──────── Supplied records ────────

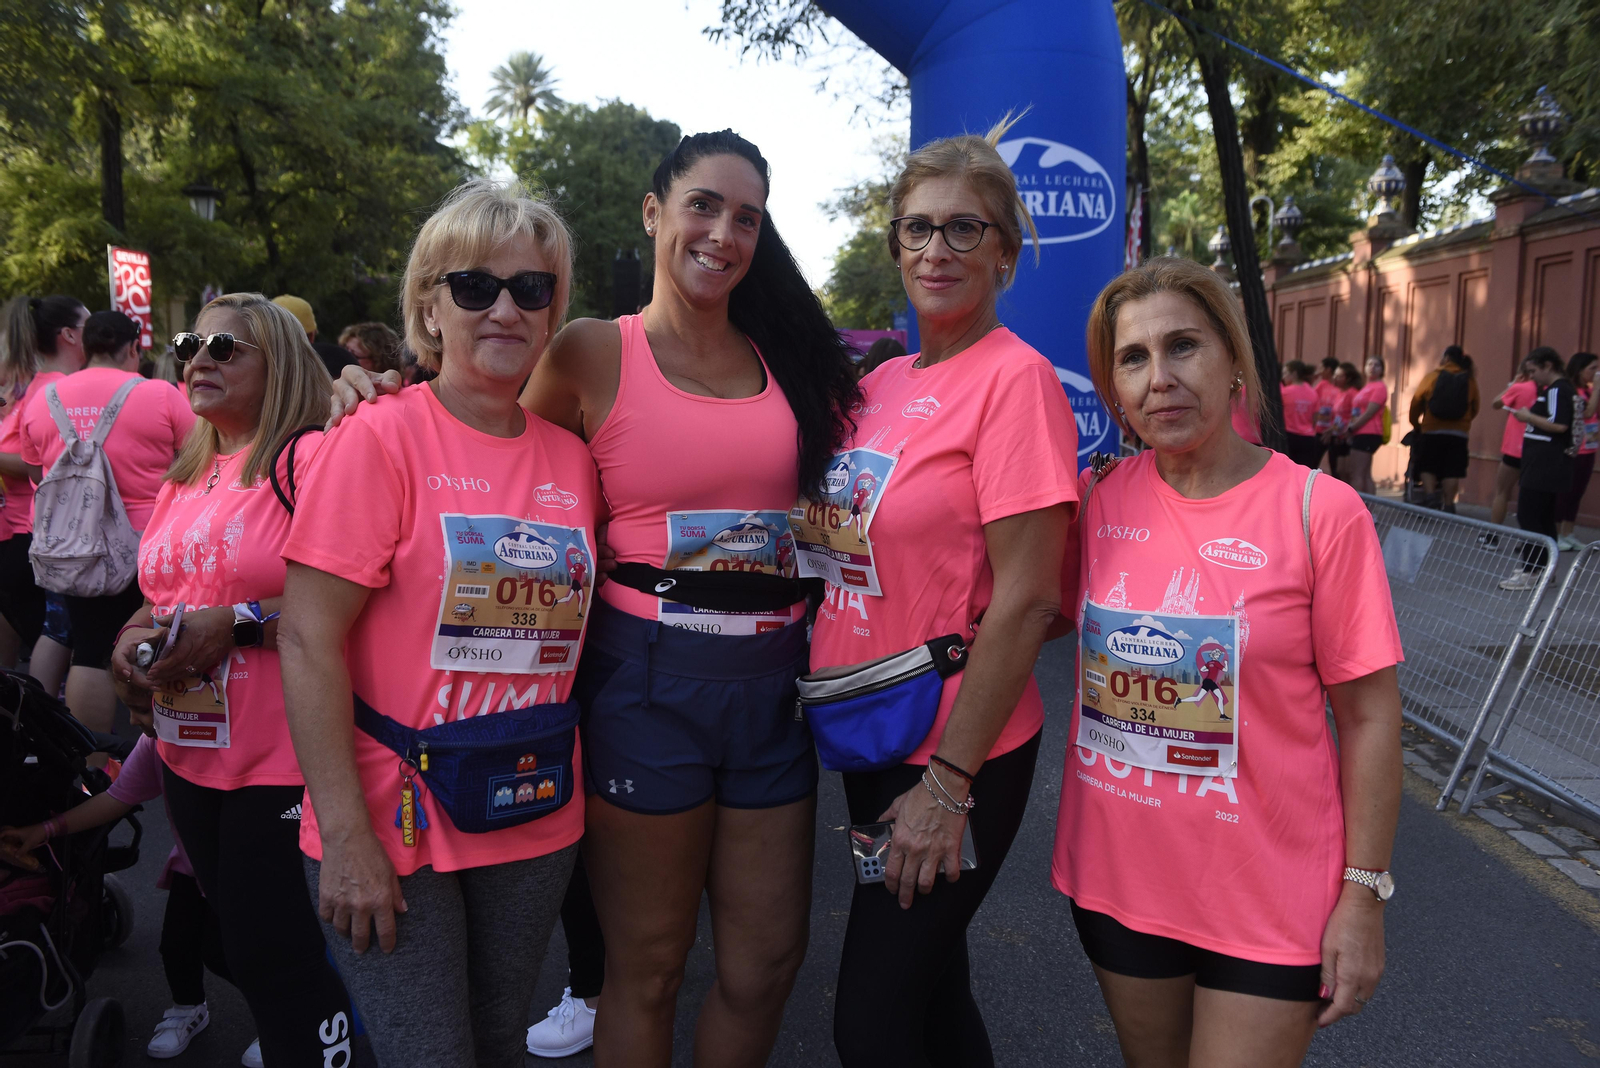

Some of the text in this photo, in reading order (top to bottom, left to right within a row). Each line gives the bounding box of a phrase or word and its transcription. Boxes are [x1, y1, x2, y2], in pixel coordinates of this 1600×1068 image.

[1045, 174, 1104, 189] LECHERA
[1018, 190, 1107, 220] RIANA
[115, 250, 149, 266] SEVILLA
[1069, 396, 1098, 407] HERA
[80, 418, 96, 429] LA
[427, 473, 491, 493] OYSHO
[807, 502, 840, 529] 016
[457, 536, 485, 545] SUMA
[680, 530, 706, 538] SUMA
[1097, 524, 1150, 542] OYSHO
[499, 542, 554, 562] ASTURIANA
[1203, 544, 1262, 566] ASTURIANA
[496, 577, 556, 607] 016
[511, 612, 537, 626] 338
[472, 627, 560, 640] CARRERA DE LA MUJER
[853, 625, 870, 637] 2022
[1085, 623, 1101, 636] SUMA
[1110, 636, 1179, 659] ASTURIANA
[1121, 636, 1176, 647] CENTRAL LECHERA
[448, 646, 503, 662] OYSHO
[228, 671, 249, 680] 2022
[1110, 670, 1179, 705] 016
[1131, 700, 1153, 708] VIOLENCIA
[163, 708, 169, 716] DE
[169, 710, 175, 719] LA
[175, 711, 199, 721] MUJER
[1130, 707, 1156, 723] 334
[1102, 714, 1195, 742] CARRERA DE LA MUJER
[1089, 728, 1125, 752] OYSHO
[1181, 753, 1211, 762] Santander
[1076, 769, 1162, 808] CARRERA DE LA MUJER
[401, 789, 413, 846] PAC-MAN
[1215, 810, 1239, 824] 2022
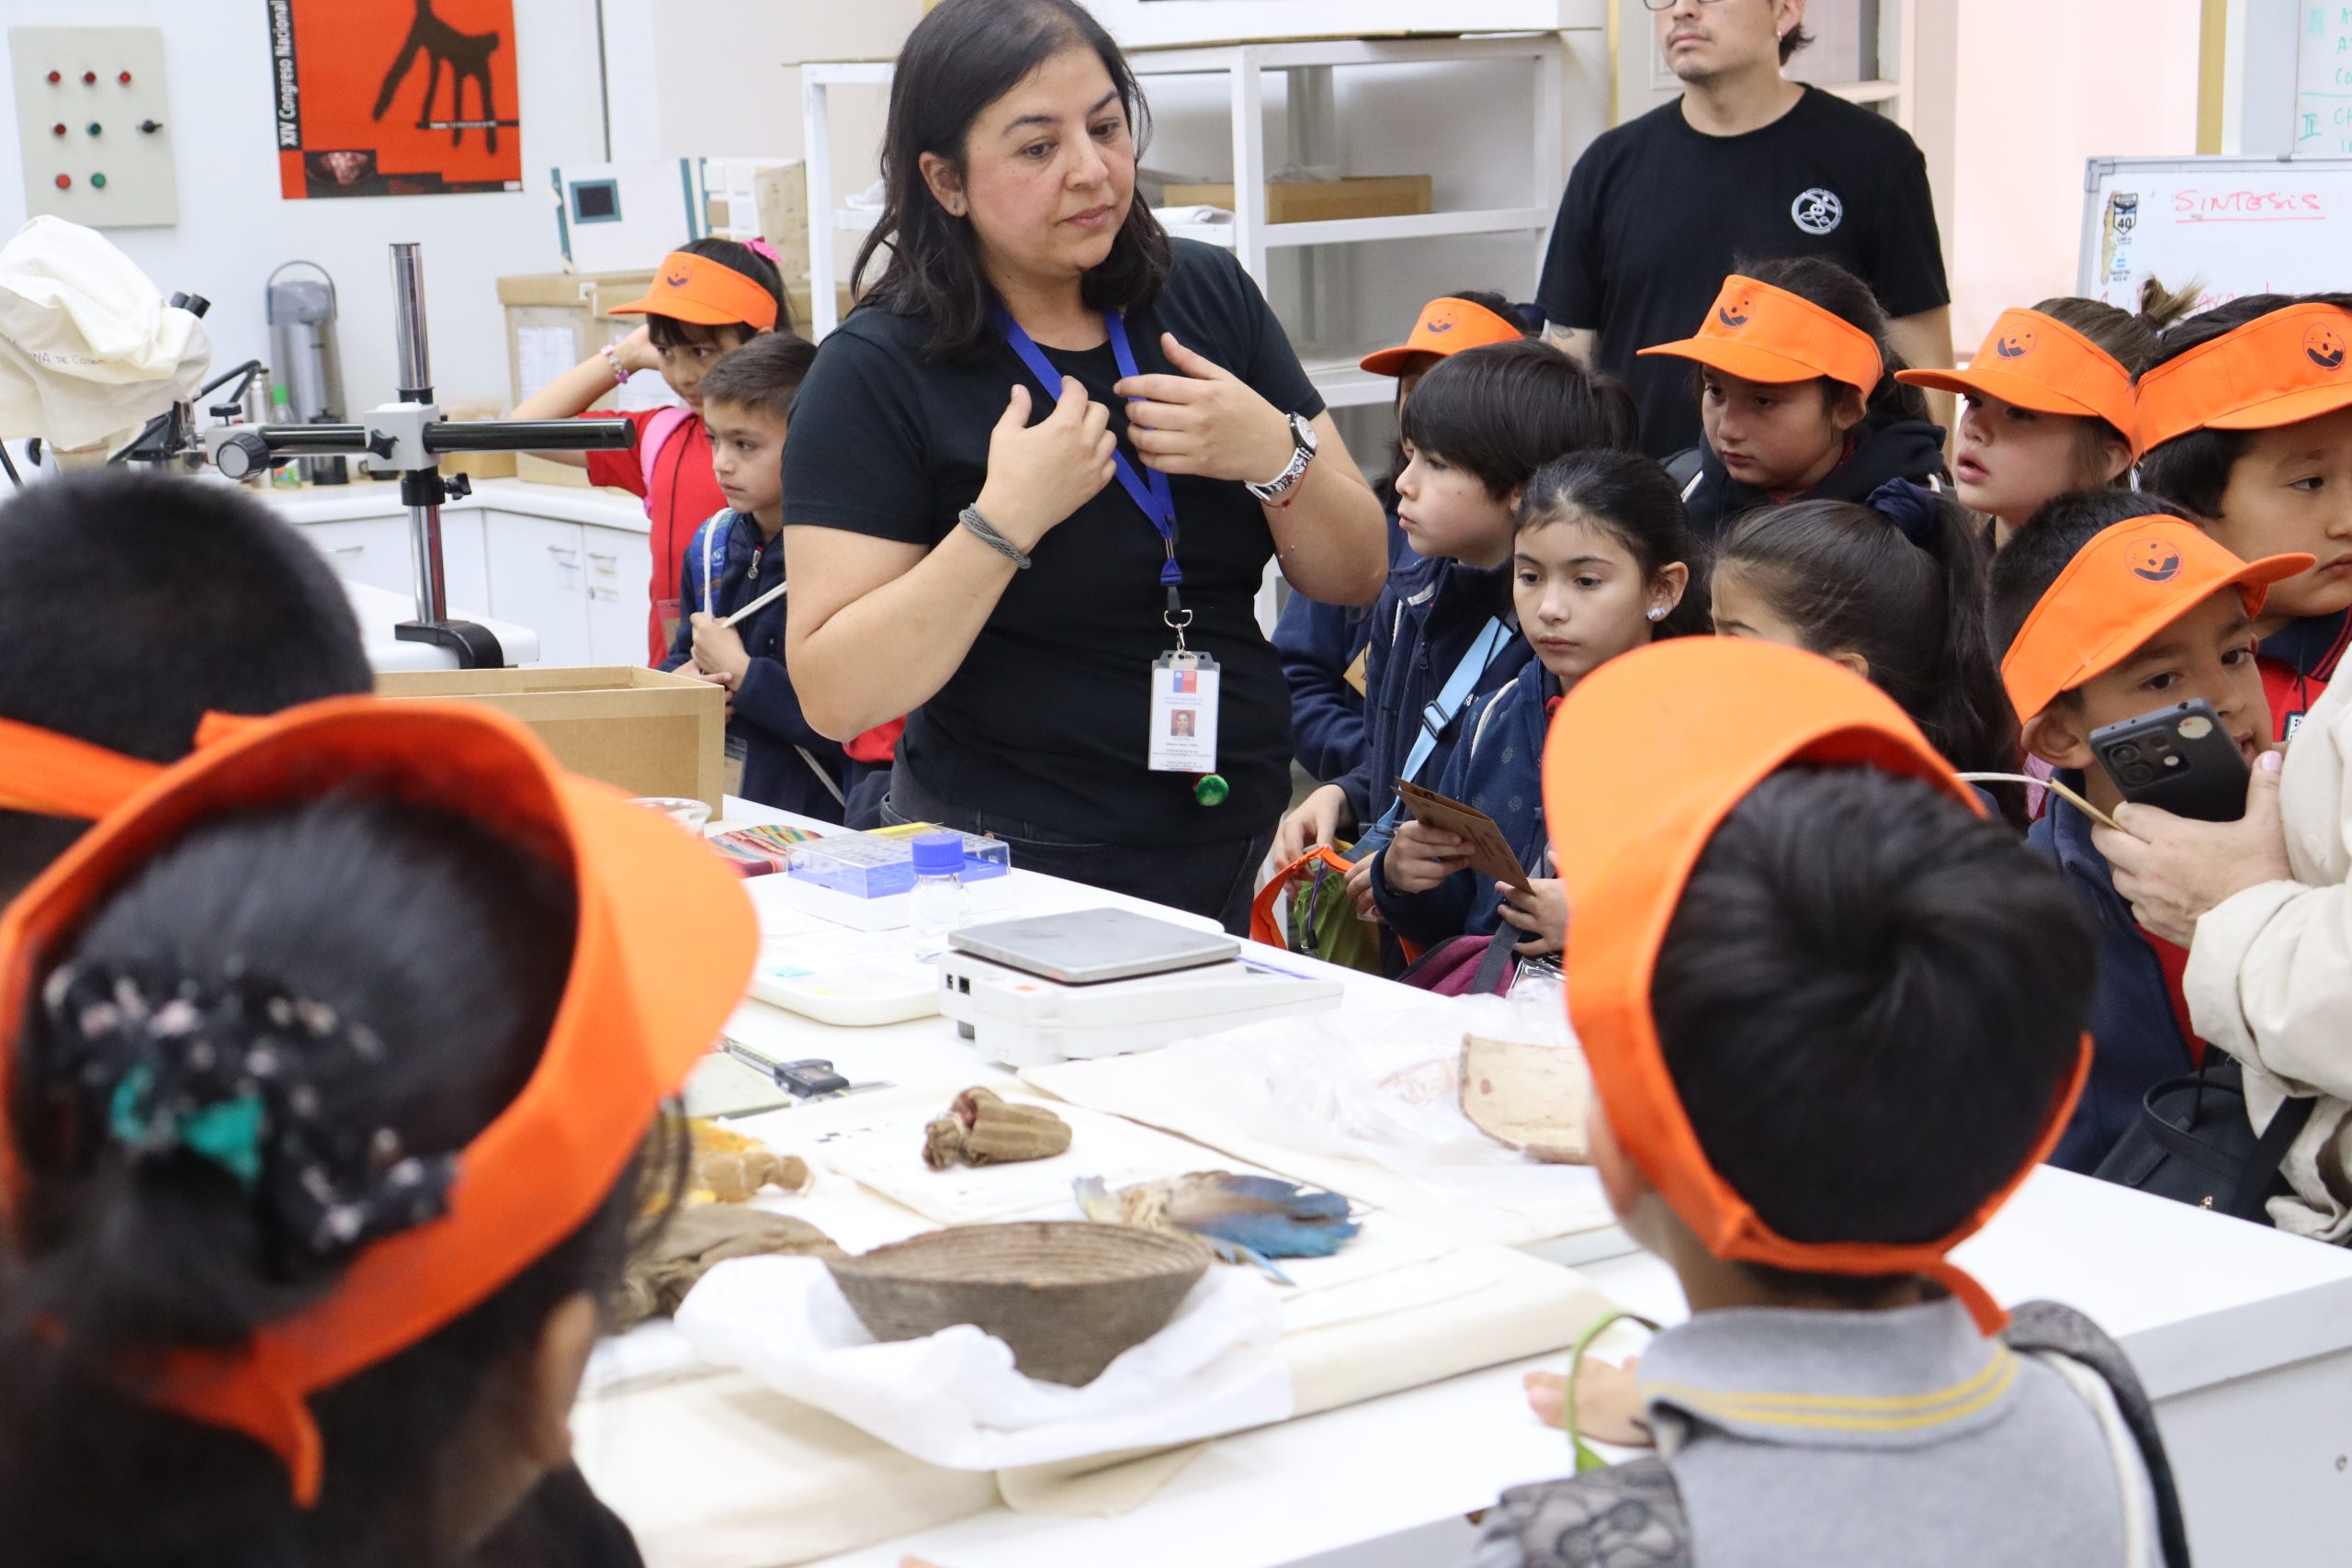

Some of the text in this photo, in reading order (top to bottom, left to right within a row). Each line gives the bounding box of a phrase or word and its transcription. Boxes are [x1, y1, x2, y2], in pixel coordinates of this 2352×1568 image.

[269, 0, 300, 147] XIV Congreso Nacional
[2117, 217, 2132, 229] 40

────────

> **About this exercise**:
All of the lines above should be retyped precisely, apart from the pictures.

> **Solution**:
Some of the text in this photo, in reading order (top to bottom, left to right within a row). Each line gives the bounding box of a phrase or word and its transcription. Boxes are [x1, y1, x2, y2], in pixel coordinates of this 1600×1068 image.

[1045, 174, 1104, 189] LECHERA
[1018, 190, 1107, 220] RIANA
[115, 250, 149, 266] SEVILLA
[1069, 396, 1098, 407] HERA
[80, 418, 96, 429] LA
[427, 473, 491, 493] OYSHO
[807, 502, 840, 529] 016
[457, 536, 485, 545] SUMA
[680, 530, 706, 538] SUMA
[1097, 524, 1150, 542] OYSHO
[499, 542, 554, 562] ASTURIANA
[1203, 544, 1262, 566] ASTURIANA
[496, 577, 556, 607] 016
[511, 612, 537, 626] 338
[472, 627, 560, 640] CARRERA DE LA MUJER
[853, 625, 870, 637] 2022
[1085, 623, 1101, 636] SUMA
[1110, 636, 1179, 659] ASTURIANA
[1121, 636, 1176, 647] CENTRAL LECHERA
[448, 646, 503, 662] OYSHO
[228, 671, 249, 680] 2022
[1110, 670, 1179, 705] 016
[1131, 700, 1153, 708] VIOLENCIA
[163, 708, 169, 716] DE
[169, 710, 175, 719] LA
[175, 711, 199, 721] MUJER
[1130, 707, 1156, 723] 334
[1102, 714, 1195, 742] CARRERA DE LA MUJER
[1089, 728, 1125, 752] OYSHO
[1181, 753, 1211, 762] Santander
[1076, 769, 1162, 808] CARRERA DE LA MUJER
[401, 789, 413, 846] PAC-MAN
[1215, 810, 1239, 824] 2022

Some of the text in this photo, in reading order (top to bottom, left to right within a row). Each line gives the bounding box of a phrase or word and its transcription. Boxes are [x1, y1, x2, y2], in pixel coordinates of this 2352×1568 image.

[269, 0, 300, 147] XIV Congreso Nacional
[2117, 217, 2132, 229] 40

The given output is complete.